The Coalition is planning to allow hundreds of secondary schools to control their own entry policies and Michael Gove warmly praised the system, which allocates places according to academic ability and reserves many places for children with the weakest performance.
“Fair-banding” admissions schemes are often seen as a way of breaking the middle-class dominance in the best-performing state secondaries since they prevent affluent parents from monopolising places by paying a premium to live in their catchment areas.
Banding generally means that 11 year-olds applying for school places sit an IQ-based “attainment test” and are then divided into seven or nine ability groups. The same number of children from each ability group are then given places at the school.
Advocates say that reserving some places for children with the lowest scores ensures that children from poorer homes are more likely to get places at the best schools. Critics say it unfairly discriminates against children with the best results.
The Conservatives have not previously spoken out in favour of the practice, but Mr Gove told the BBC that fair banding had “a role to play” and could make schools “truly socially comprehensive”. It prevented better-off parents boosting their children’s chances by buying homes near better schools.
“You can make sure that if your school is located in an area which may well be relatively privileged, by dint of house prices and background and so on, that you are spreading the load academically,” he said.
There is no official record of how many schools use fair banding, but a Daily Telegraph survey last year identified at least 22 local authority areas where the rules were in place.
The Schools Department estimates that only around 100 local authority-controlled secondary schools in England admit students on a fair-banding basis.
But almost half the 200 academies currently operating, which set their own admissions policies, are estimated to use some sort of fair-banding policy.
Mr Gove has claimed that hundreds of schools are considering opting out of council control under his plan to allow all schools to become academies. If that prediction is accurate, there could be a dramatic expansion in the use of banding policies.
Mr Gove praised schools including Dunraven School and Mossbourne Academy, in south and east London respectively, as high-performing schools that use banding.
Dunraven school in the south London borough of Lambeth introduced fair banding in 1992. It puts children in five different bands and gives priority to those children who are in care or in foster care.
David Boyle, the school principal, said results had improved dramatically since the system was introduced. The number of GCSEs at grade C or above had increased from 30 per cent in 1992 to 82 per cent this year.

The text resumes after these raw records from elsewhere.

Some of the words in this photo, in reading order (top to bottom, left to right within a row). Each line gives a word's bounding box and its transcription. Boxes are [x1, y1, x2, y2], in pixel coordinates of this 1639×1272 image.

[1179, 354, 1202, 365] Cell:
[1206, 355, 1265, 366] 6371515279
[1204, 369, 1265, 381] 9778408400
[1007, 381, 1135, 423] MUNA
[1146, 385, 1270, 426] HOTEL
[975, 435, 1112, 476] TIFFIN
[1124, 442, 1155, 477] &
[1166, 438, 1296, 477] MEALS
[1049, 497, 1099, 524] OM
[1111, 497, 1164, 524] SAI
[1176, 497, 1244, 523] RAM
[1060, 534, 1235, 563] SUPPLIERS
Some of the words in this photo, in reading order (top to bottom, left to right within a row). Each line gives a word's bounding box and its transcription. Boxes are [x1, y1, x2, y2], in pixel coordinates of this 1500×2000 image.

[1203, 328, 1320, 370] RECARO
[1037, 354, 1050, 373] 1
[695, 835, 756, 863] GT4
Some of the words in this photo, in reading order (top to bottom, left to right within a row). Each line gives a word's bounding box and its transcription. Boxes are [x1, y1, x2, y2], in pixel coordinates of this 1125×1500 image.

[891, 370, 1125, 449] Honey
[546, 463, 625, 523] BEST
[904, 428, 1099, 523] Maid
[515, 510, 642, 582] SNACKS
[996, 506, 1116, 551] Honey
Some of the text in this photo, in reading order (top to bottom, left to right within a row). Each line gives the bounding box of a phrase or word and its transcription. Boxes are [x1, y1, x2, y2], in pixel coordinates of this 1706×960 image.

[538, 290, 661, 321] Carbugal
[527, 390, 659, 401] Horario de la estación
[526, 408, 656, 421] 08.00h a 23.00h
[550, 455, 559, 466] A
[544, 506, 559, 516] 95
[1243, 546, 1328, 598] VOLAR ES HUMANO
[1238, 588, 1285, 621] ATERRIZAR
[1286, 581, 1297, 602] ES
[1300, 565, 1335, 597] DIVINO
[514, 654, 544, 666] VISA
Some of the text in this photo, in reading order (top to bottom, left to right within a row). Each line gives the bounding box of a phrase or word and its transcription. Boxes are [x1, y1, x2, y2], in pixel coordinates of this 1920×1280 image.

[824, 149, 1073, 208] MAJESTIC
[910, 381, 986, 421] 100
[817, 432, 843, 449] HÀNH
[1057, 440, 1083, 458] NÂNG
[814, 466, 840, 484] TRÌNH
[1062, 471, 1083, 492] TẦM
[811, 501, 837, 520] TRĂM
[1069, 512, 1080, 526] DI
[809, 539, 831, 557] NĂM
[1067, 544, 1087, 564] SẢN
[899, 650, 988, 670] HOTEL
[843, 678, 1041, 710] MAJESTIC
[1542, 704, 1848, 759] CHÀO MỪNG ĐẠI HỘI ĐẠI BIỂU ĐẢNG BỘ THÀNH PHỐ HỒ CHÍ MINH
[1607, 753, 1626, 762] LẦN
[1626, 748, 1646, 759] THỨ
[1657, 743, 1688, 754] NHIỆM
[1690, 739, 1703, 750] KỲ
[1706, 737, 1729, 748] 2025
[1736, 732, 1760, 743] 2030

He said that Dunraven was now more aspirational. “Our mission is to try to ensure a service for the whole community,” he added.
A source close to Mr Gove said: “We are not telling any school to use fair banding nor are we telling them not to. We want all parents to be able to send their children to a good school. That’s why we are expanding the number of academies.”
Some experts say the schools with the greatest incentive to adopt banding are those in the poorest areas, because they often struggle to attract brighter children.
But supporters of the policy say all schools can benefit from becoming more socially and academically inclusive.
The charity Barnardo’s this week called for the widespread use of fair banding. But David Green, the director of the think tank Civitas, described it as “a kind of social engineering based on animosity to middle-class parents.”
Prof Stephen Gorard from Birmingham University warned that Mr Gove’s voluntary approach to admissions had risks. “If banding is implemented partially and voluntarily, it sounds like the outcome will be all pain and no gain.”
John Bangs of the National Union of Teachers said banding was right in principle, but should be implemented uniformly. “Banding only works if you do it in a geographical area,” he added. “If every school has its own admissions policy and sets its own banding system, you’re going to get real unevenness.”
Nick Seaton, of the Campaign for Real Education, attacked fair banding as an unfair policy that denied places to the brightest. He added: “I’m not saying we shouldn’t help the worse-off, but it I don’t think the best way to do that is to disadvantage the better-off.”